Bang the Drum Slowly (1973) or The Death of a Fictional Baseball Player. Worth watching just to see a young Robert DeNiro as the fatally ill catcher Bruce Pearson. Based on the wonderful novel of the same name by Mark Harris, it's guaranteed to tug -- nay, yank -- at your heart strings. Happily it does so without schmaltz. Not typical of films of the 1970' yet reflective of the time period.

Sugar (2009) or Baseball Isn't Everything. This movie is criminally underrated likely because it was independently made and lacking a wide release. It tells the story of a young Dominican baseball star who's signed to a big league contract.
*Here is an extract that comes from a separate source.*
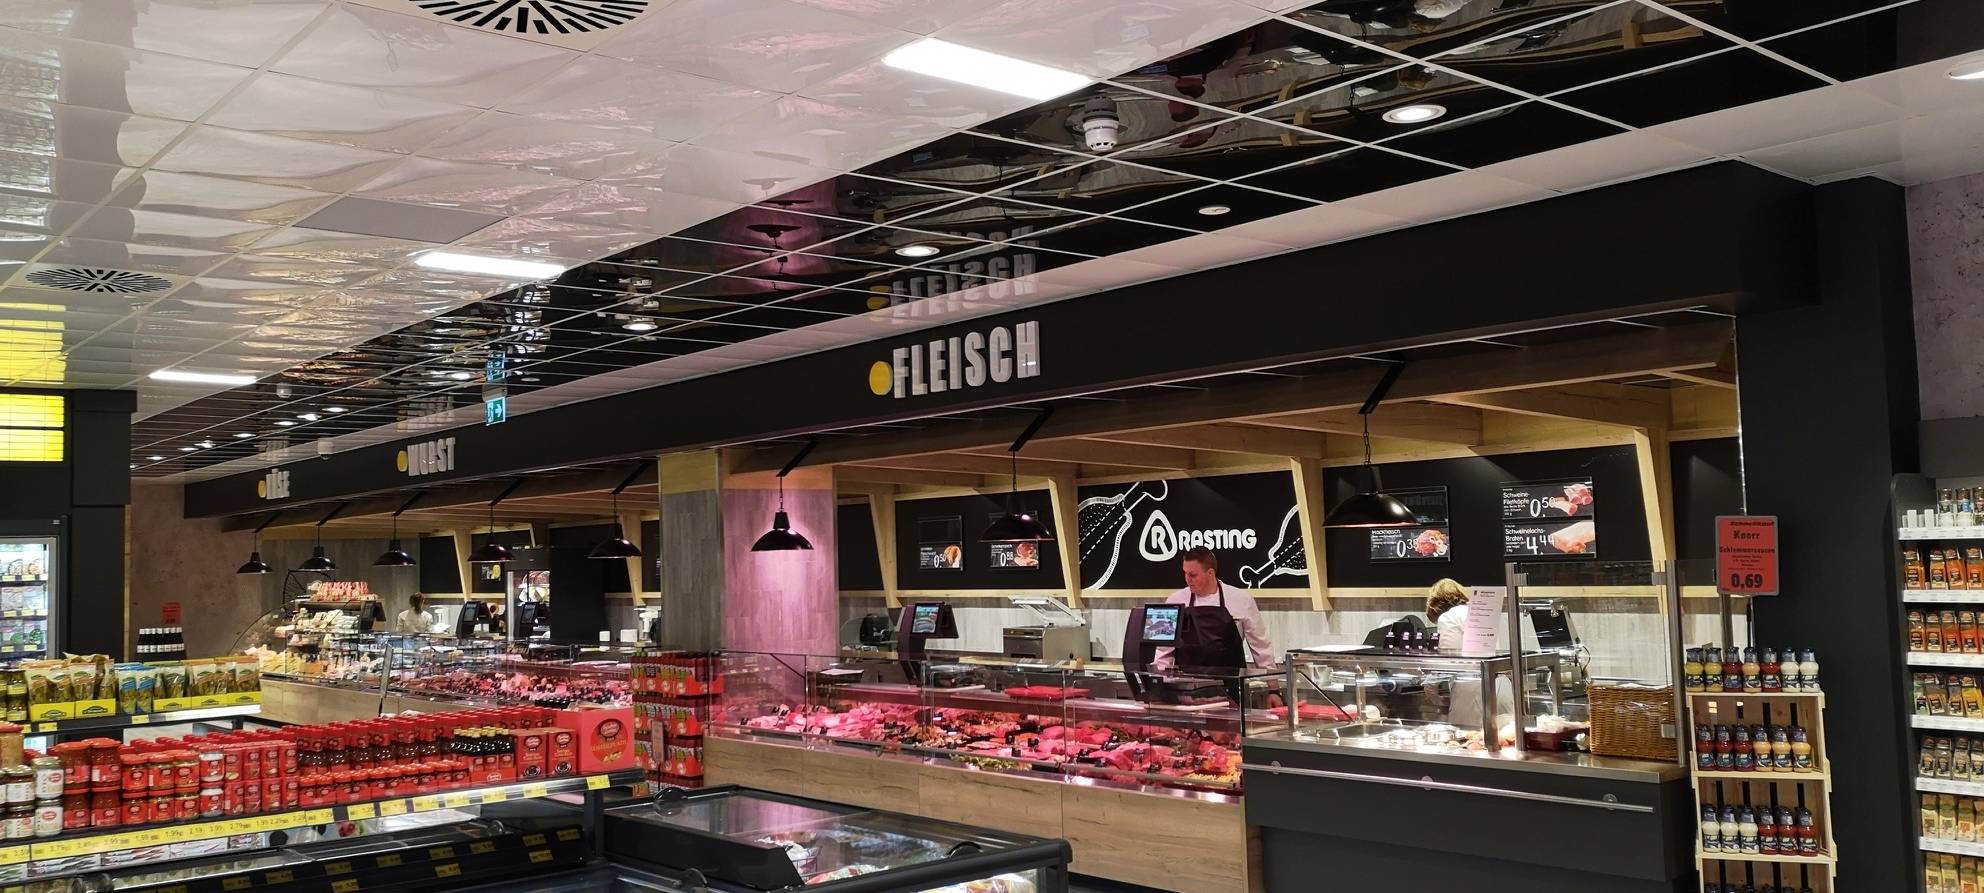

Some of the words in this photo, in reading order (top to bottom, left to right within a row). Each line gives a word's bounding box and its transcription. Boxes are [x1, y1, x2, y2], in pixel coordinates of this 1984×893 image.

Before he can play in the bigs, of course, he's assigned to the minors, in Iowa of all places. There's plenty of baseball here and it's superbly done, but the story soon goes in a surprising direction and becomes about something else. I wrote about Sugar at greater length last Spring.

A League of Their Own (1992) or There's No Crying in Baseball. Yes it's overly sentimental and you have to put up with Rosie O'Donnell, but its a fun story. Geena Davis is believable as a World War II era baseball player. Tom Hanks as a manager of this all-girl's team (based on a true story) is a scene stealer, particularly with his "there's no crying in baseball" speech. Madonna also features.

Alibi Ike (1935) or Playing Baseball for Laughs. The short story by Ring Lardner upon which this film is based is one of the few pieces of writing that literally makes me laugh out loud and slap the knees. Sadly, the film is not nearly so funny. Happily its funny enough. Joe E. Brown is in the title role. Casting a comic in the lead was a mistake but the supporting cast almost made up for the error. The sumptuous Olivia de Havilland is the love interest. You also get Roscoe Karns and William Frawley.

The Natural (1984) or Baseball as Arthurian Legend. Another baseball lover's delight, it has spawned dozens of unworthy imitations. I'd seen it so often that I finally stopped getting dewy-eyed at the ending. After staying away from it for awhile I'm ready for another plunge. You should take one too. Barry Levinson directed and deserves top marks. While Glenn Close's nice little role has been overrated, Robert Redford is perfect as Roy Hobbs.

The Bad News Bears (1976) or Baseball for Brats. Another film that has spawned weak imitations. A rag tag bunch of little leaguers led by Coach Walter Matthau finds life lessons, victories and fun doing it their way. Sounds corny now but it was an original then and with a strong cast Led by Matthau and Tatum O'Neal is, you should excuse the expression, a big hit.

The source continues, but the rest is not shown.